Saturday, August 08, 2009
'A Suitable Boy' Vikram Seth
Is this an Indian disease? This urge to encapsulate the whole of reality?
One of the characters in this book is a poet who is writing a novel. The novel in progress is described as a river, like the Ganga, with lots of tributaries and creeks. This image, of course, stands as an emblem of the method of A Suitable Boy itself, and is one of the very rare metafictional devices in a book that is otherwise wholly without any trace of modernity. It’s as if Seth is writing from a space uninfluenced by modernism, magical realism, hyperrealism, post-structuralism, deconstruction, or any of the other games beloved by post-modernist novelists and theorists. No tricks with narrative sequence or voice or point of view, or implied readers brought to the surface, or fractured and blended images, funny voices or intertextual cleverness. What we have instead is a slow and measured unfolding of events and scenes in one, organic, huge, all-encompassing magisterial narrative in the mid Victorian style; an Indian Trollope or Dickens or early Eliot, or Balzac; or indeed a modern Mahabharata.
The story involves a widowed mother’s search for a suitable husband for her youngest daughter, but encompasses very much more than that. The story of the Mehra family is interleaved with the stories of three other families, with whom they are connected by birth, marriage or friendship. These families in turn are connected with a host of subsidiary characters, the crowds of the fictional city of Brahmpur and the real cities of Calcutta and Delhi, the province of Pruvah Pradesh and ultimately the whole of India. The time is the year 1951/2; the political and social backdrop is the run-up to the first General Election in the country’s history. Muslim and Hindu, their religions, customs and values, as well as the relationship between them, are both equally represented. The quest for a suitable boy provides a structural backbone, as old and as honoured and as reliable a narrative device as the river Ganga itself, and is complicated, in the best traditions of the 19 century novel, by an interweaving plot involving family secrets that ultimately effects all the characters.
The scope is Tolstoyan. Huge epic scenes of riots, stampedes, public processions, parliamentary debates and political shenanigans among real historical characters are balanced with intimate descriptions of family meals, the ruminations of the fictional characters as they work through their moral dilemmas and relationships, the passing of the seasons; the text is full of portraits of birds, children and the eternal poor of both city and countryside; references to and detailed descriptions of Indian music, movies, food, festivals, religious mania, poetry, appear as part of the narrative, embedded in it through the characters, not flashed around as authorial digressions. Everything is presented but never explained.
The characters are all superbly drawn and lifelike; they almost present themselves. The relationships between them evolve and change as the year progresses and as events exercise their inexorable pull. All the characters are highly memorable and take on independent life in the mind of the reader. One wonders about them, and what they are doing when the book is closed. This is a huge achievement, given the length of the novel and number of characters.

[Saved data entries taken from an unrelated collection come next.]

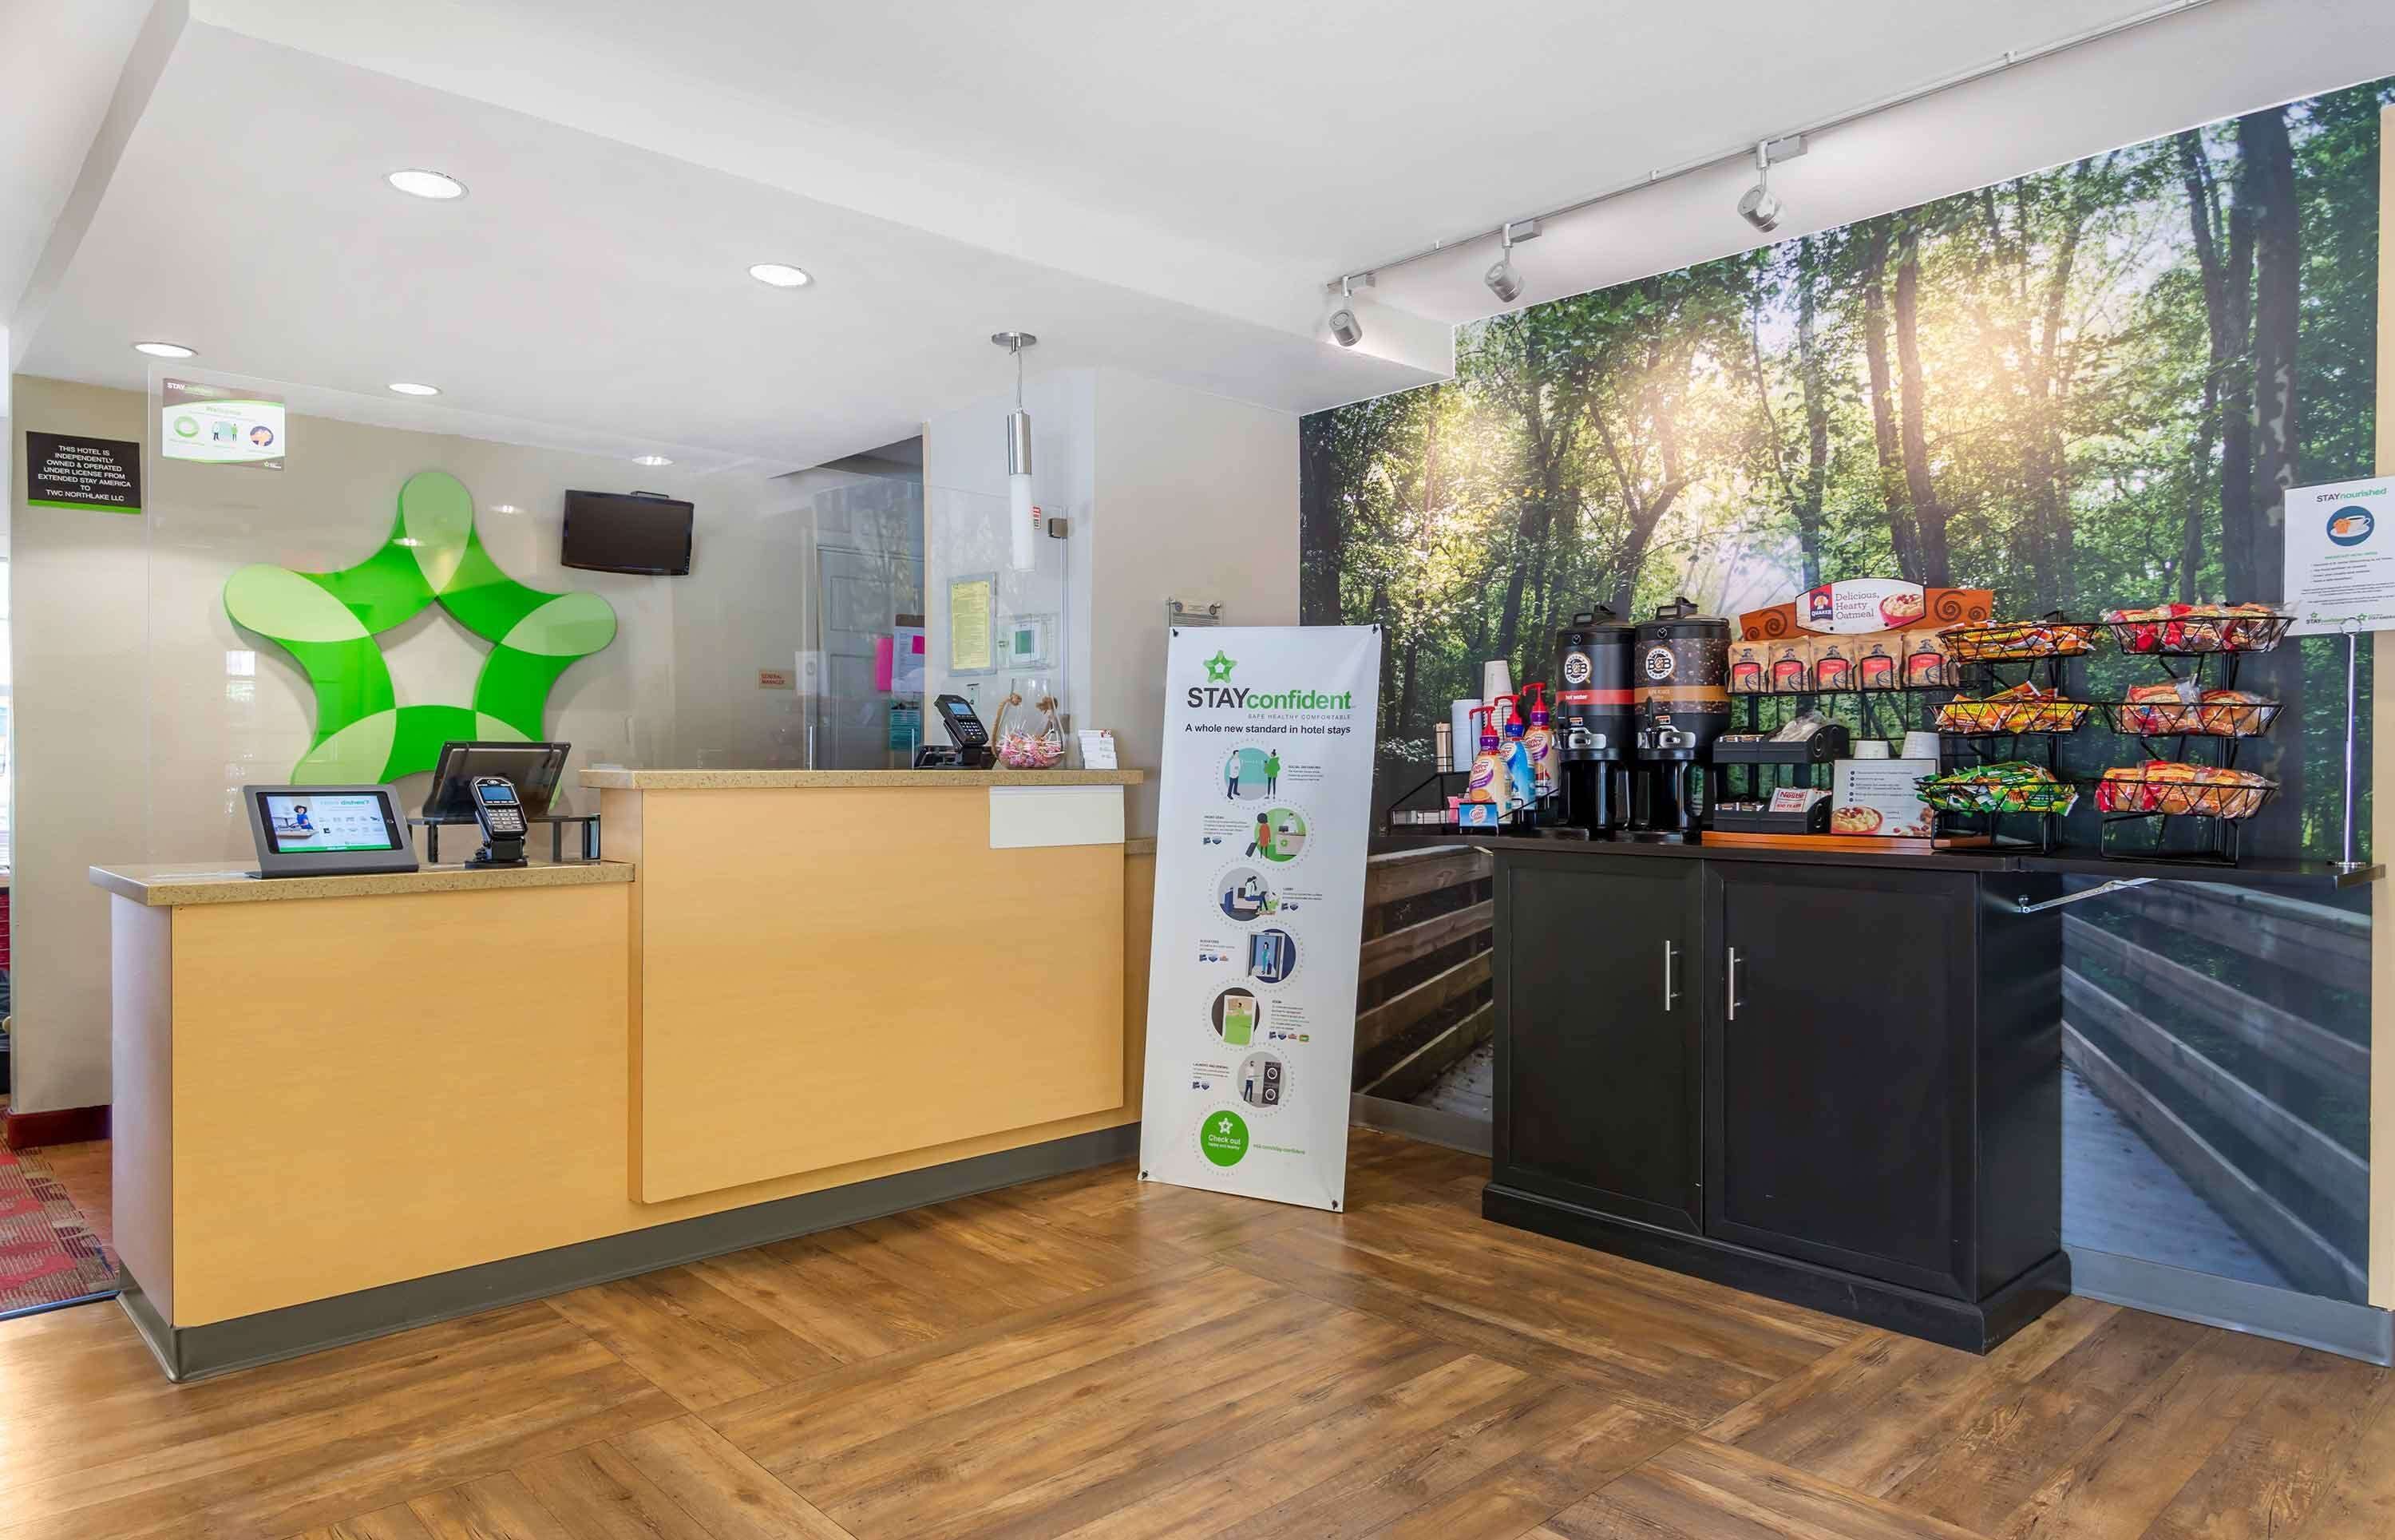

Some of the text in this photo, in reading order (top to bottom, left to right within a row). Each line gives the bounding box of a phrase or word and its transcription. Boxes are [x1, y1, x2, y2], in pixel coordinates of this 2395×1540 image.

[55, 453, 113, 463] INDEPENDENTLY
[83, 463, 122, 472] OPERATED
[38, 473, 78, 482] EXTENDED
[65, 491, 109, 501] NORTHLAKE
[1835, 591, 1880, 601] Delicious,
[1835, 602, 1868, 612] Hearty
[1835, 608, 1874, 620] Oatmeal
[1187, 687, 1352, 710] STAYconfident
[1185, 723, 1193, 733] A
[1195, 724, 1221, 733] whole
[1246, 724, 1286, 734] standard
[1289, 724, 1298, 734] in
[1301, 725, 1324, 734] hotel
[1328, 726, 1351, 735] stays
[1208, 1134, 1229, 1143] Check
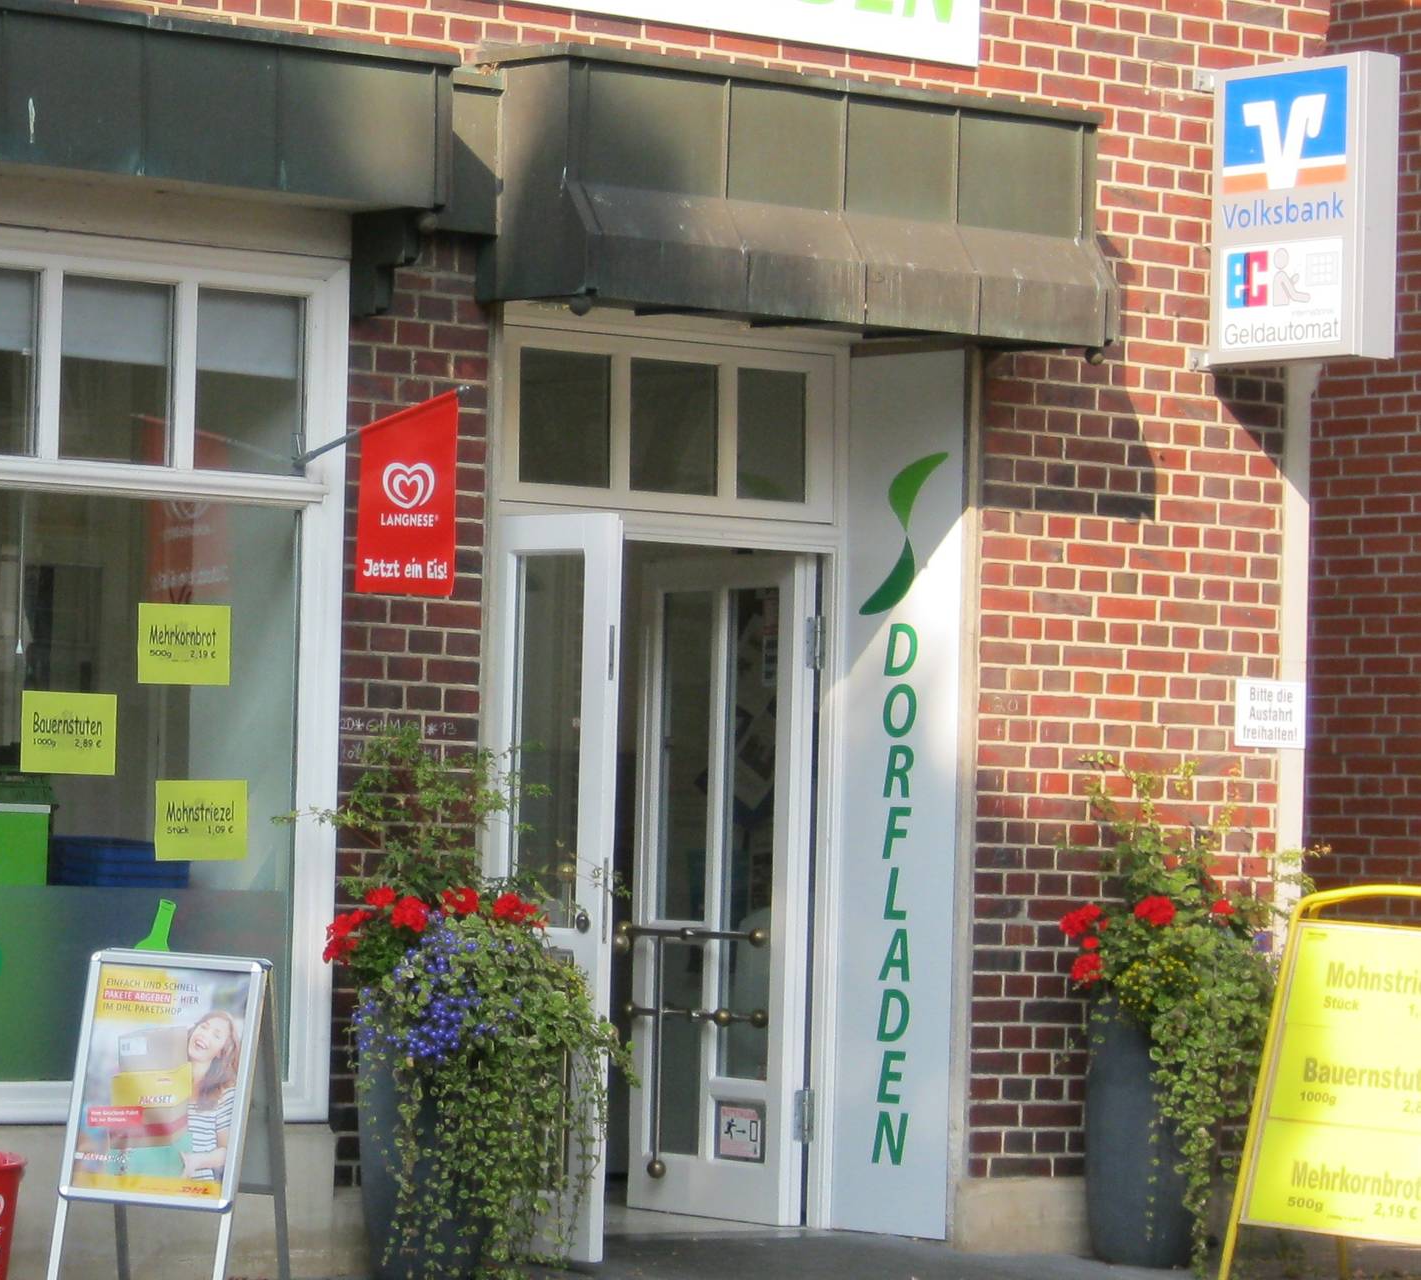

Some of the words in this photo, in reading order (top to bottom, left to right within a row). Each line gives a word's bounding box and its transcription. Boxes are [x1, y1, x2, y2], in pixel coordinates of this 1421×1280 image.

[1223, 193, 1345, 230] Volksbank
[1224, 318, 1339, 345] Geldautomat
[380, 513, 434, 528] LANGNESE
[362, 558, 400, 578] Jetzt
[404, 557, 423, 579] ein
[427, 558, 448, 580] Eis!
[149, 624, 217, 646] Mehrkornbrot
[149, 649, 172, 659] 500g
[1249, 686, 1274, 703] Bitte
[1277, 687, 1294, 704] die
[1249, 705, 1293, 723] Ausfahrt
[33, 711, 103, 736] Bauernstuten
[1243, 725, 1298, 742] freihalten!
[33, 738, 57, 748] 1000g
[166, 800, 234, 823] Mohnstriezel
[871, 622, 919, 1167] DORFLADEN
[106, 977, 140, 989] EINFACH
[143, 980, 162, 990] UND
[164, 982, 200, 993] SCHNELL
[1326, 961, 1421, 995] Mohnstri
[104, 989, 133, 1001] PAKETE
[180, 996, 200, 1005] HIER
[103, 1002, 114, 1011] IM
[116, 1002, 133, 1012] DHL
[135, 1004, 183, 1016] PAKETSHOP
[1300, 1091, 1337, 1106] 1000g
[1287, 1197, 1324, 1213] 500g
[1374, 1202, 1404, 1218] 2,19
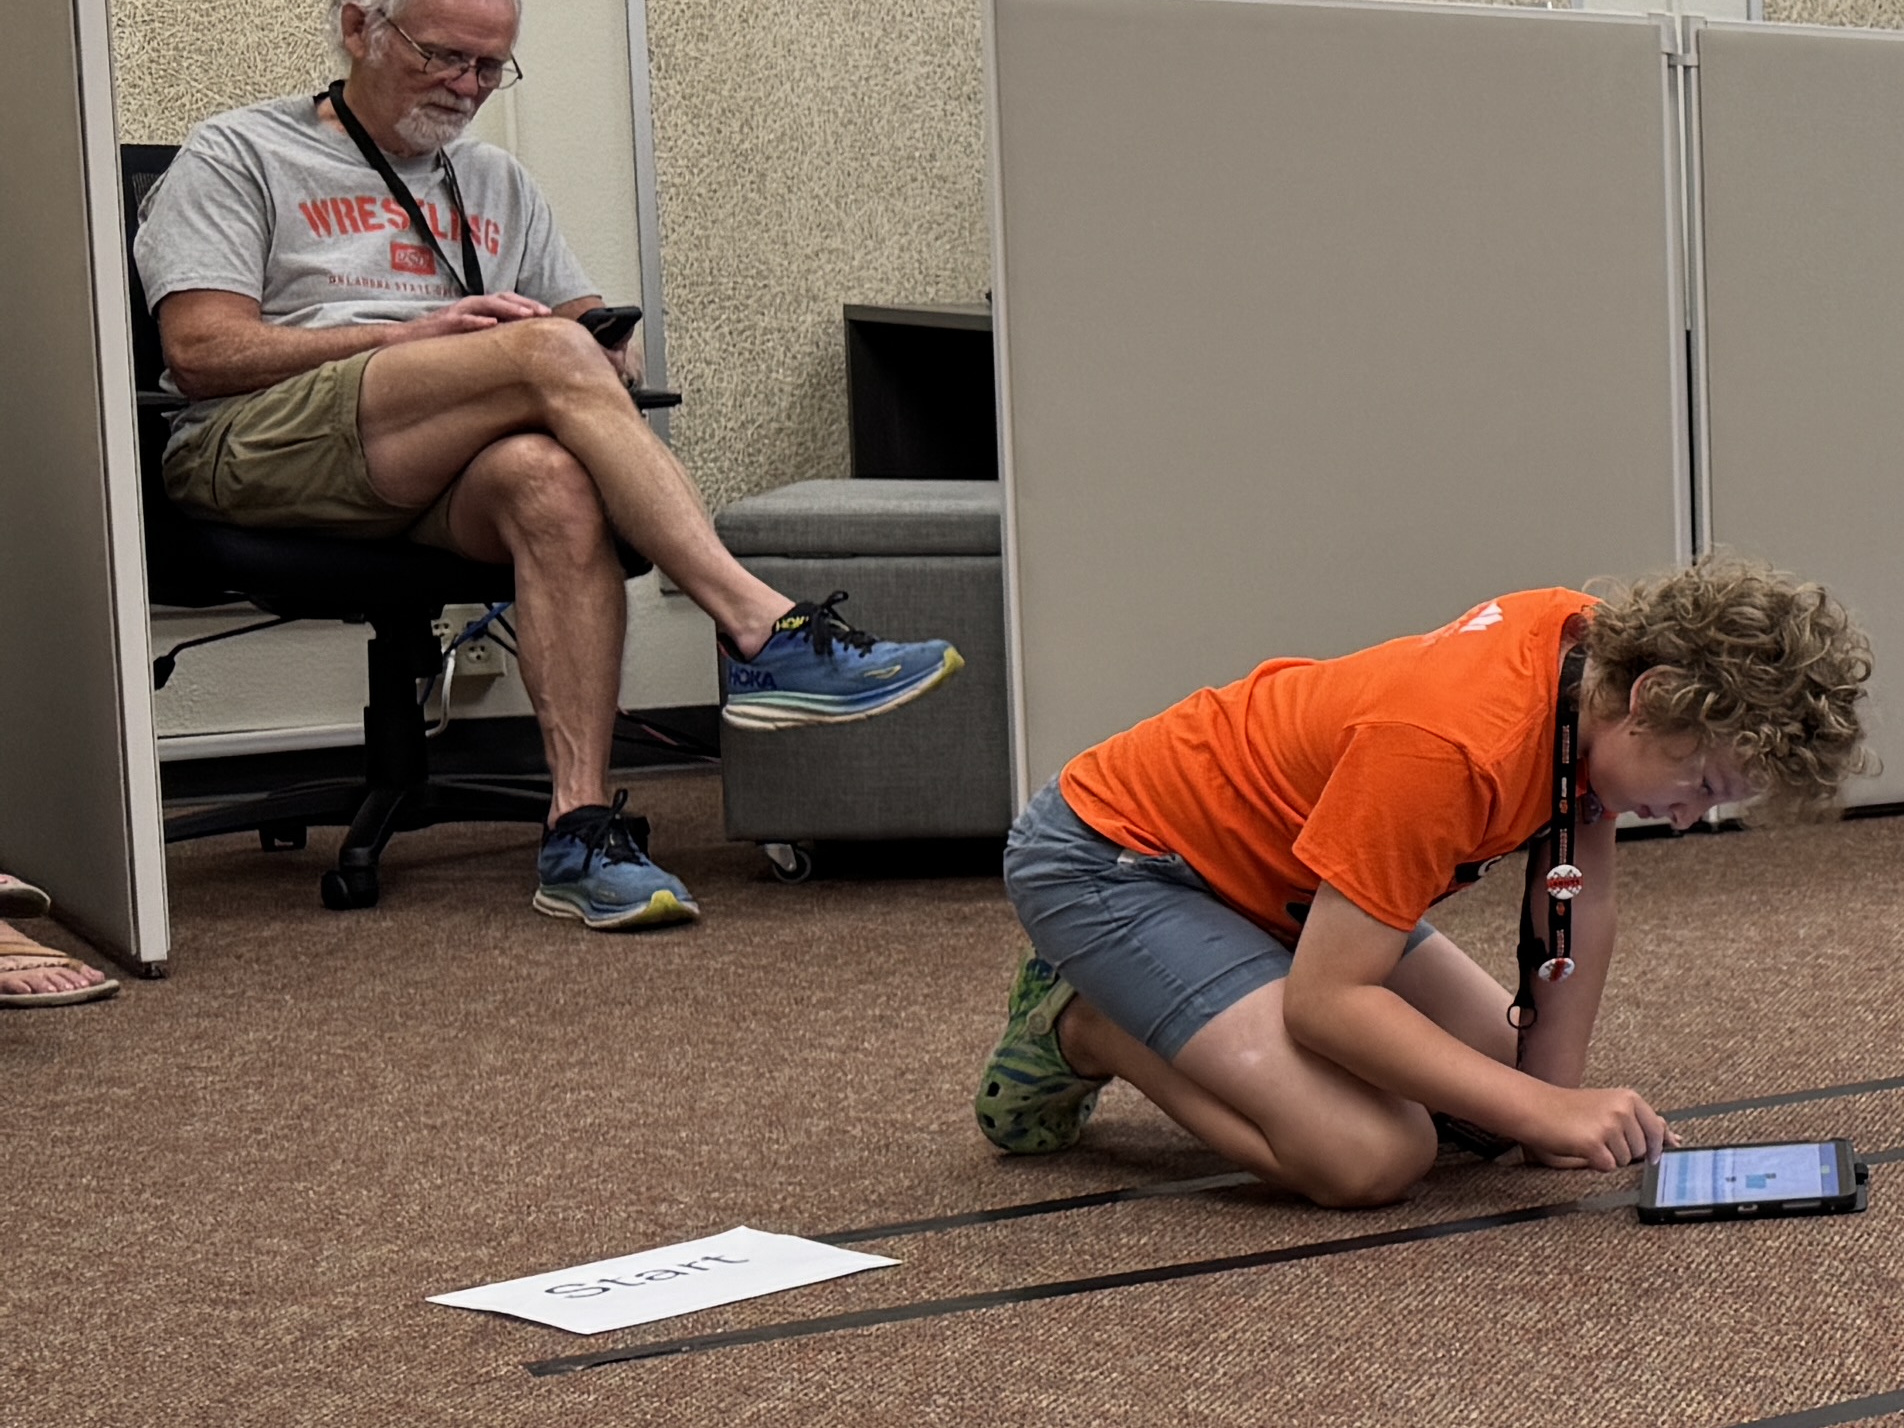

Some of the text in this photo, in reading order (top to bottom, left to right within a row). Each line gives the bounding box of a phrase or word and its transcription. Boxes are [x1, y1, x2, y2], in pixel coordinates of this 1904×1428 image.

Seth’s (19th century) theme is family, and marriage, specifically arranged marriages. Other themes include the position of women generally in Indian life, and specifically women in purdah, academic life, political life, business life, economic life, cultural life, Muslim-Hindu relations, the caste system, and so on. Each sphere of social activity, each layer of society has a story, and characters to present it, and this is done entirely unselfconsciously: what stands always to the fore is the characters and their situations and how they interact. The whole of India in one year is presented through its people.
Seth’s greatest achievement is the narrative voice, which is always self effacing and utterly transparent. Themes and issues are presented with a steady consistency of imaginative objectivity. We see these concerns as the characters see them: there are no distancing devices, no poking through the veil of ideologies, no historical hindsight, no modern gap between what the narrative presents, and how it is presented. Throughout the book, whether in the Hindu or Muslim sections, issues and institutions are presented entirely without judgement from a (modern) (Western) external perspective, but from inside the story itself, just as the characters see them. We are completely brought in and made part of the story; we inhabit the same mental (and physical- Seth’s writing is highly pictorial and intensely evocative) space as the characters. In willingly suspending our disbelief as we become absorbed in the novel, our own ideology and even our own values slowly dissolve as we come to understand the characters and their world as they see it. When Lata finally makes her choice as to which of the three young men she is going to marry (shades of Basanio’s choice in reverse), we may feel disappointed with her choice, but we completely agree with it and understand it.
This is surely the purpose and power of great fiction.